[Dataset entries]
================

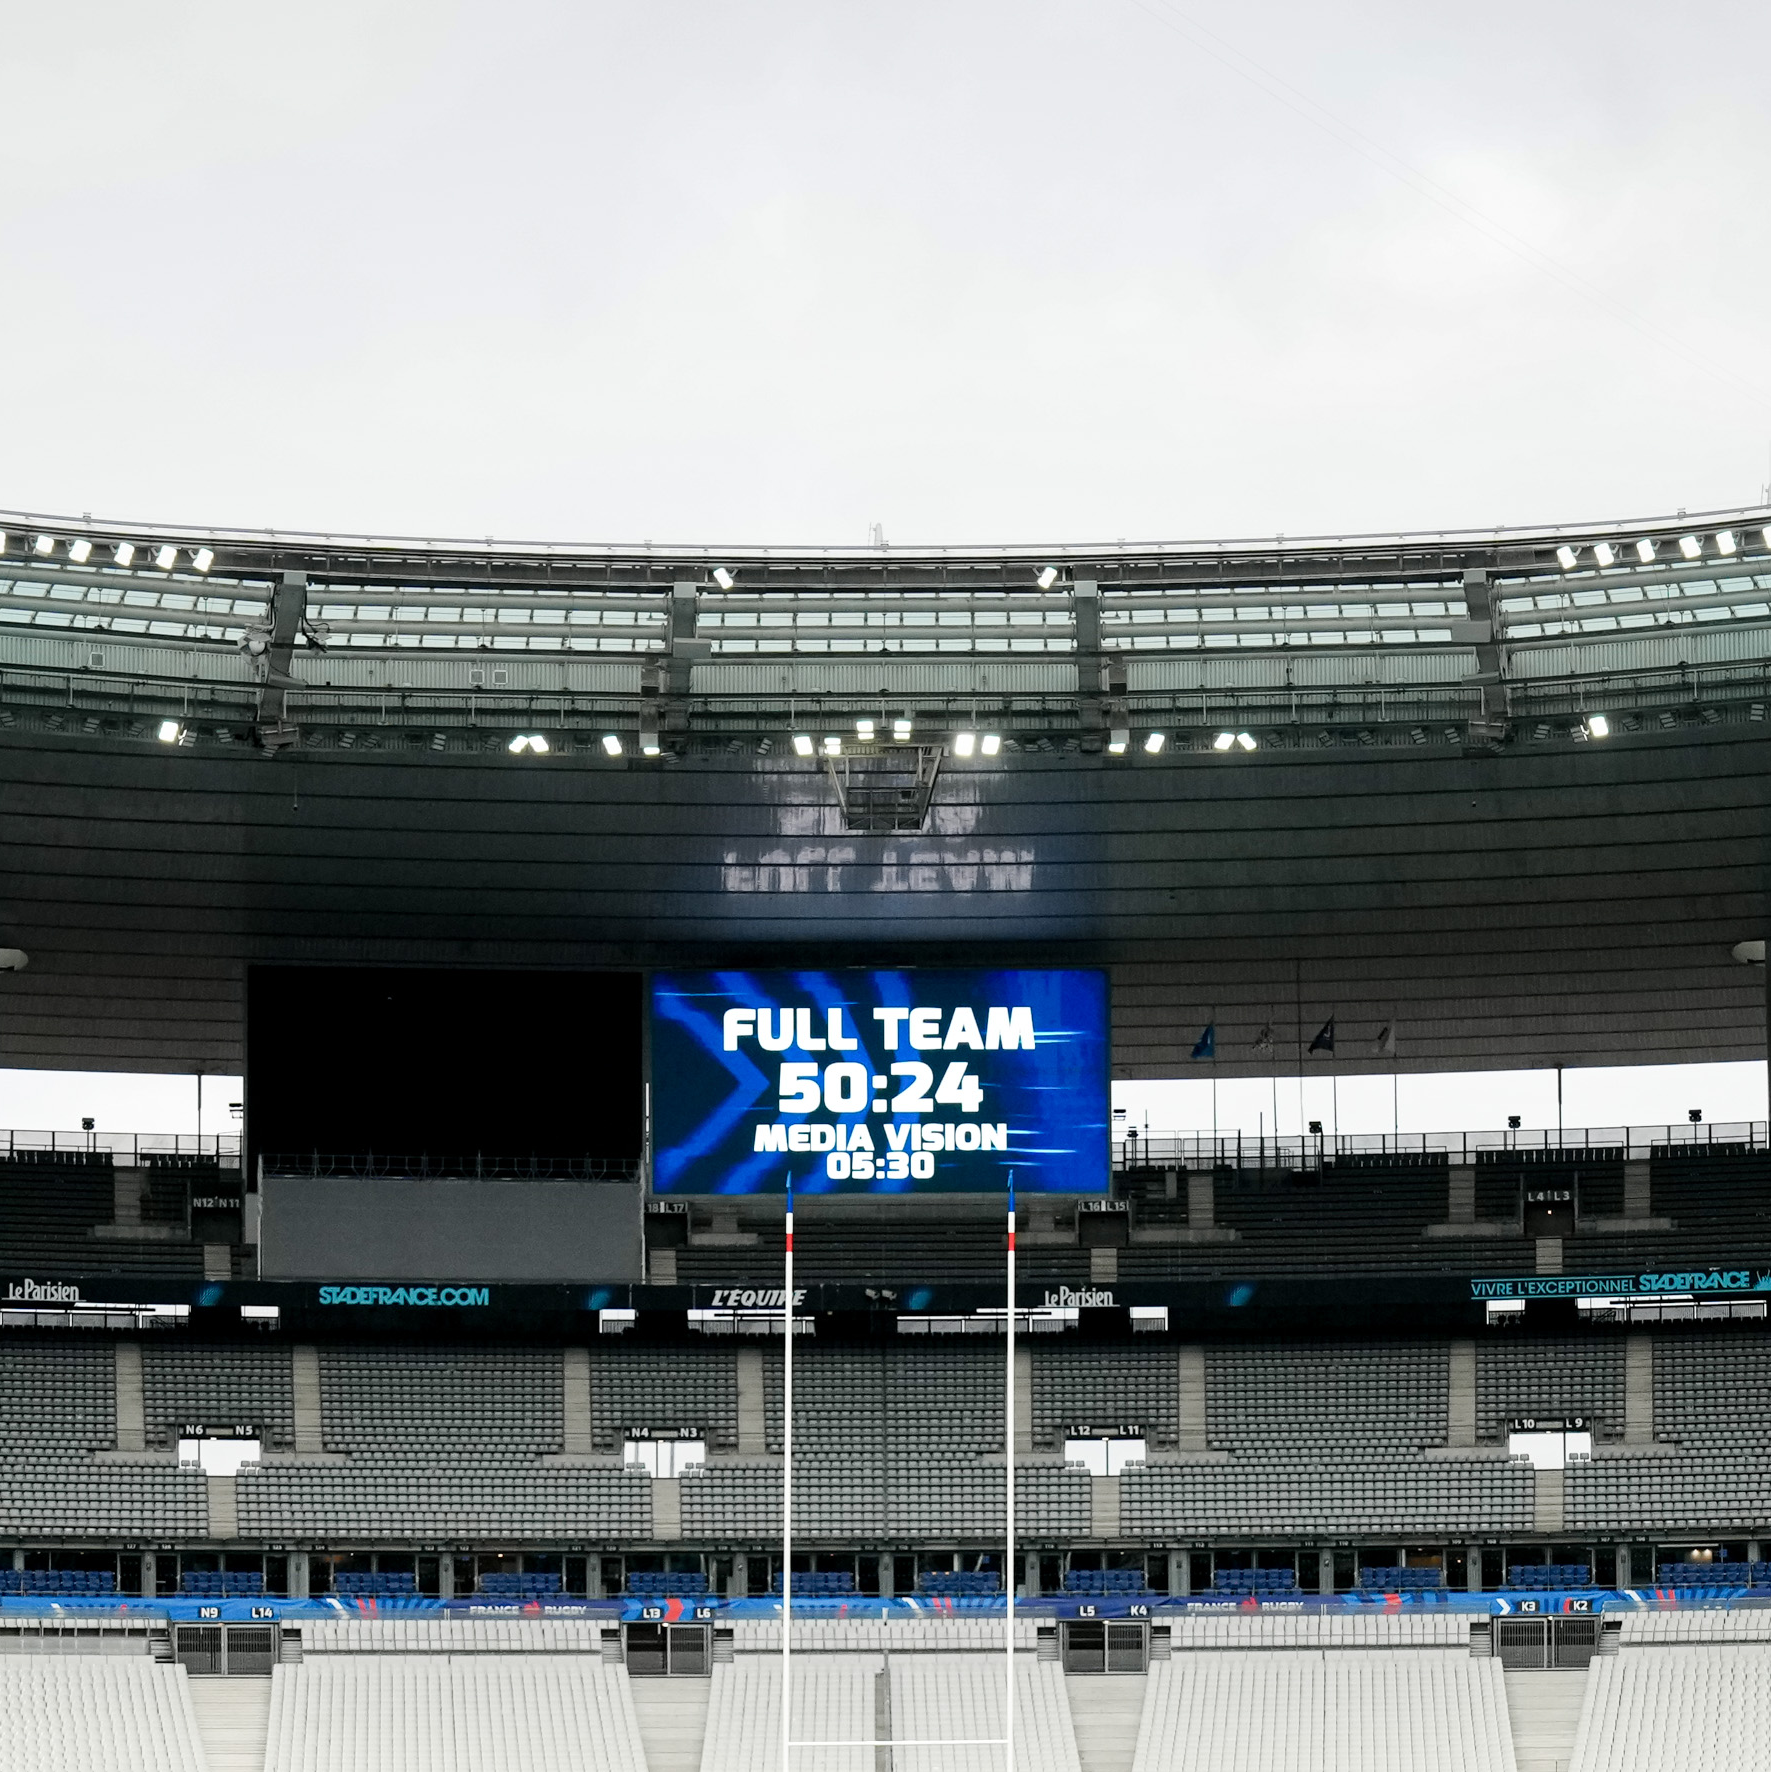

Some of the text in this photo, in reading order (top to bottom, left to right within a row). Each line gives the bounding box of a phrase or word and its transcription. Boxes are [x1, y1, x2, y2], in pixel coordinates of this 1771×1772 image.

[724, 1007, 1035, 1051] FULL TEAM
[779, 1061, 983, 1113] 50:24
[754, 1123, 1007, 1153] MEDIA VISION
[827, 1152, 934, 1179] 05:30
[8, 1278, 81, 1300] Le Parisien
[319, 1287, 488, 1305] STADEFRANCE.COM
[1044, 1286, 1115, 1307] Le Parisien
[1471, 1283, 1513, 1296] VIVRE
[1518, 1280, 1636, 1294] L'EXCEPTIONNEL

================

• **What is required**
Skip the pictures and output all entries exactly.

• **Finished exercise**
Some of the text in this photo, in reading order (top to bottom, left to right within a row). Each line gives the bounding box of a phrase or word and its transcription. Boxes are [x1, y1, x2, y2], in pixel coordinates of this 1771×1772 image.

[724, 1007, 1035, 1051] FULL TEAM
[779, 1061, 983, 1113] 50:24
[754, 1123, 1007, 1153] MEDIA VISION
[827, 1152, 934, 1179] 05:30
[8, 1278, 81, 1300] Le Parisien
[319, 1287, 488, 1305] STADEFRANCE.COM
[1044, 1286, 1115, 1307] Le Parisien
[1471, 1283, 1513, 1296] VIVRE
[1518, 1280, 1636, 1294] L'EXCEPTIONNEL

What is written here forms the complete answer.